Young Rwandans discuss in a lecture hall of University of Rwanda in Kigali

In search of answers

Liliane Niyigema sitting in the lecture hall listening with rapt attention to a talk on intergenerational trauma. She finally gets answers to questions that you dragged on for years around. A few rows in front of her, Joseph is sitting. Also, he takes notes.

Together with other participants and international experts discussing for a week at a Summer School at the Department of Mental health the major issues, problems and challenges of their Generation. How can we remember our past to distinguish without further in the Hutu and the Tutsi? Where can we ask our questions? How can we contribute to true reconciliation?

Memory as a political issue

Liliane is here because she is now a psychiatric nursing training. But also, because they are looking for their personal answers. “My mother or my father I could not ask, because it is such a sensitive topic,” she says. “This is a Problem. Because if I don’t know who my family is, it is difficult to know who I am today!” A Tremor in her voice gives an idea of how much you move, these questions of Identity.

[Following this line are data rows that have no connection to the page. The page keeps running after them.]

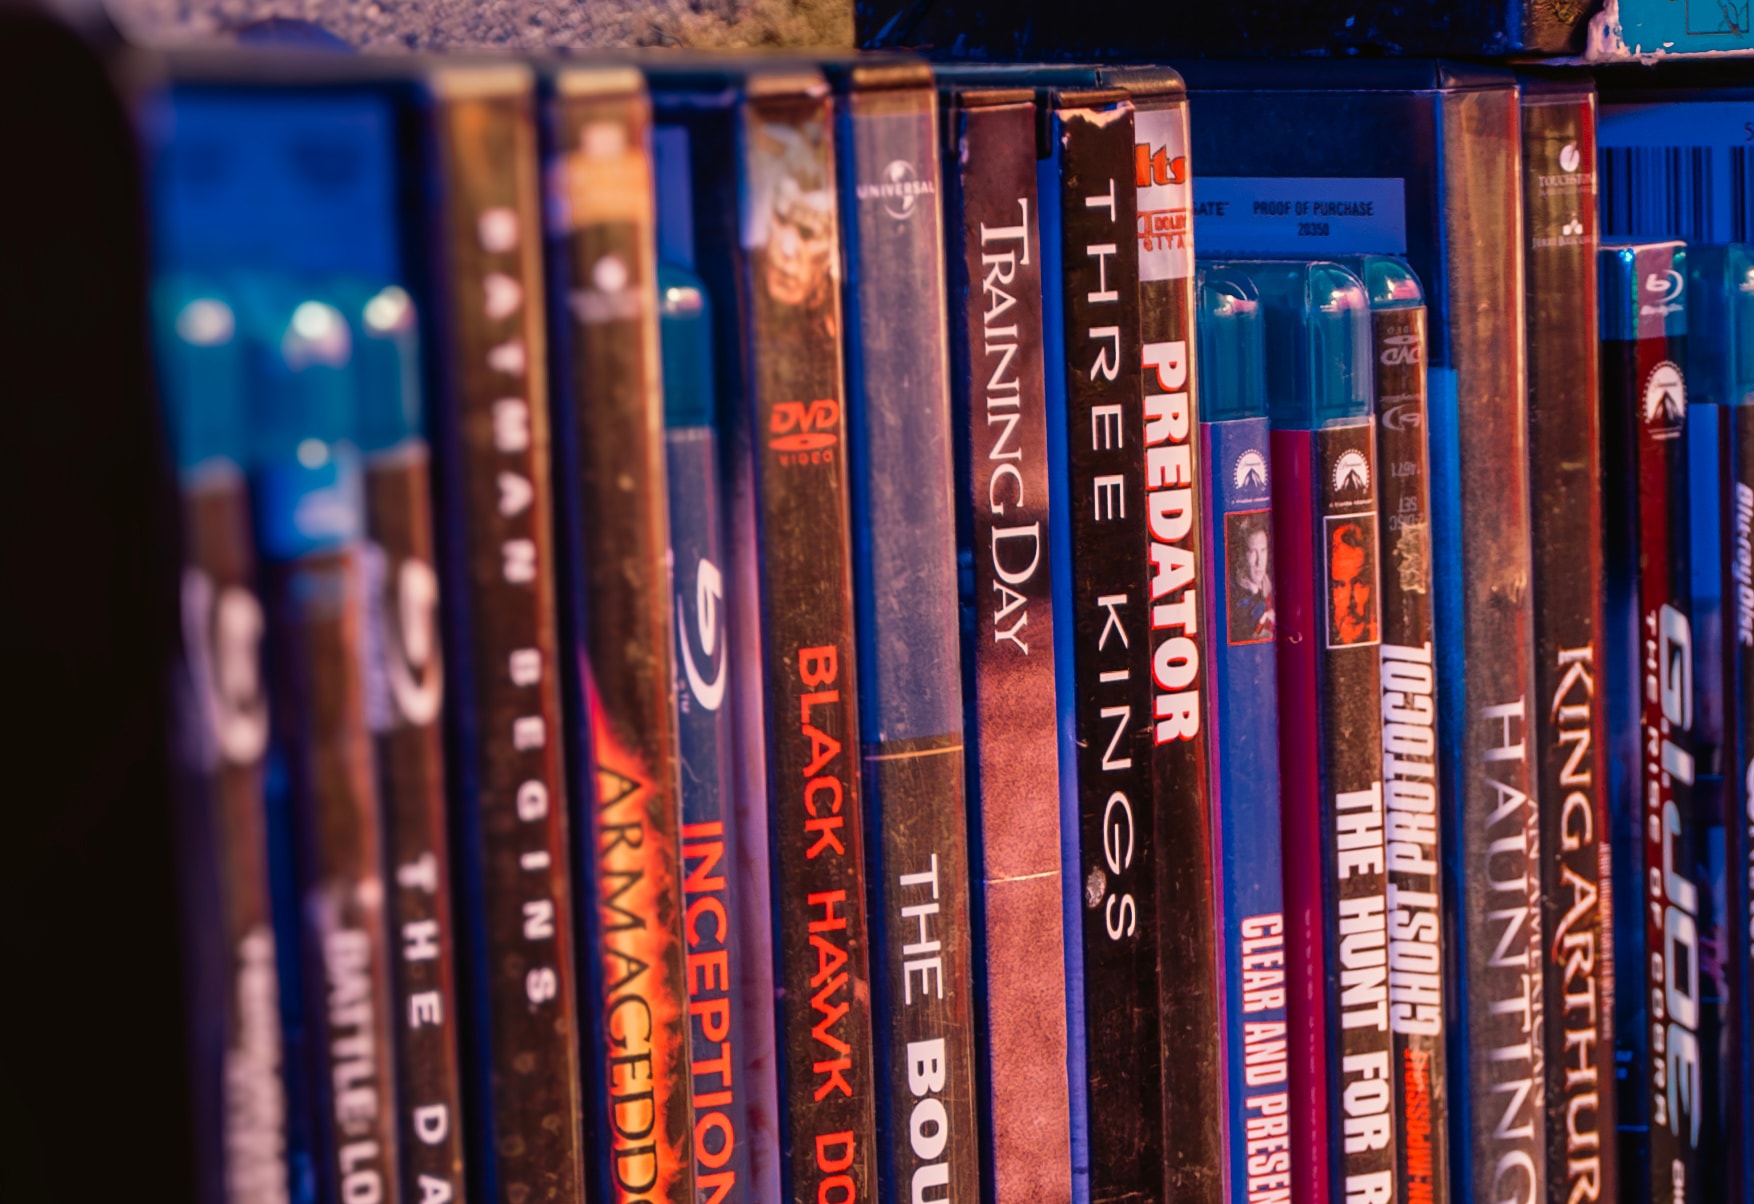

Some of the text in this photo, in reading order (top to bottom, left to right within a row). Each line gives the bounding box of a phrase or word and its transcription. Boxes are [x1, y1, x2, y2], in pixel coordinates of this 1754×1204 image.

[856, 179, 936, 197] UNIVERSAL
[1253, 201, 1374, 217] PROOF OF PURCHASE
[769, 399, 840, 434] DVD
[980, 198, 1041, 655] TRAINING DAY
[478, 206, 557, 1004] BATMAN BEGINS
[1085, 178, 1136, 942] THREE KINGS
[1142, 340, 1202, 746] PREDATOR
[798, 645, 846, 860] BLACK
[1381, 642, 1438, 876] PROTOCOL
[1552, 644, 1595, 852] KING
[1335, 780, 1385, 880] THE
[396, 852, 444, 1029] THE
[806, 889, 854, 1102] HAWK
[897, 853, 944, 1006] THE
[1240, 913, 1286, 1013] CLEAR
[1338, 895, 1389, 1032] HUNT
[1385, 884, 1442, 1036] GHOST
[1244, 1020, 1288, 1086] AND
[1343, 1050, 1391, 1154] FOR

Liliane Niyigemas parents have to weigh the genocide, only welded

As to the atrocities of 1994 is thought in Rwanda is highly political. Certain questions of responsibility and fault are excluded in the public discussion. But the Silence must not necessarily be repressive reasons, the historian Rainer Schmidt to consider. For almost three years, he teaches as a German guest lecturer at the University of Rwanda in political science and history. He says: There is also a pragmatic Silence that could help to overcome trauma.

Germany’s Silence after the Second world war

To understand what Rwanda’s young Generation is of concern currently, it helps to look in the German post-war history. Also in Germany at the end prevailed after the war’s first year-long Silence. Only the ‘ 68-Generation, the German “Generation After”, set out the spiral of silence to break through. “You don’t want to follow their parents, who didn’t want a lid on the story,” explains Rainer Schmidt. “The pressure on their own body, have felt that had to be drained.”

Whether Rwanda is now at a similar crossroads as Germany in 1968, is open. Historical Parallels can help you to understand, but also to mislead. To draw “a direct comparison is difficult, because such memory processes play always in specific historical and cultural constellations that can never be reproduced,” says Rainer Schmidt. The post-war years, the victim and the perpetrator had not lived in Germany in the same scale side-by-side, as it is today in Rwanda.

What is the direction you want to turn your country at the time of a reminder in the future, is for Liliane Niyigema on the Hand. You want, that your Generation will be heard. “We can’t change the past, but we need to be able to understand, so that we can experience healing and reconciliation. Our time is now.”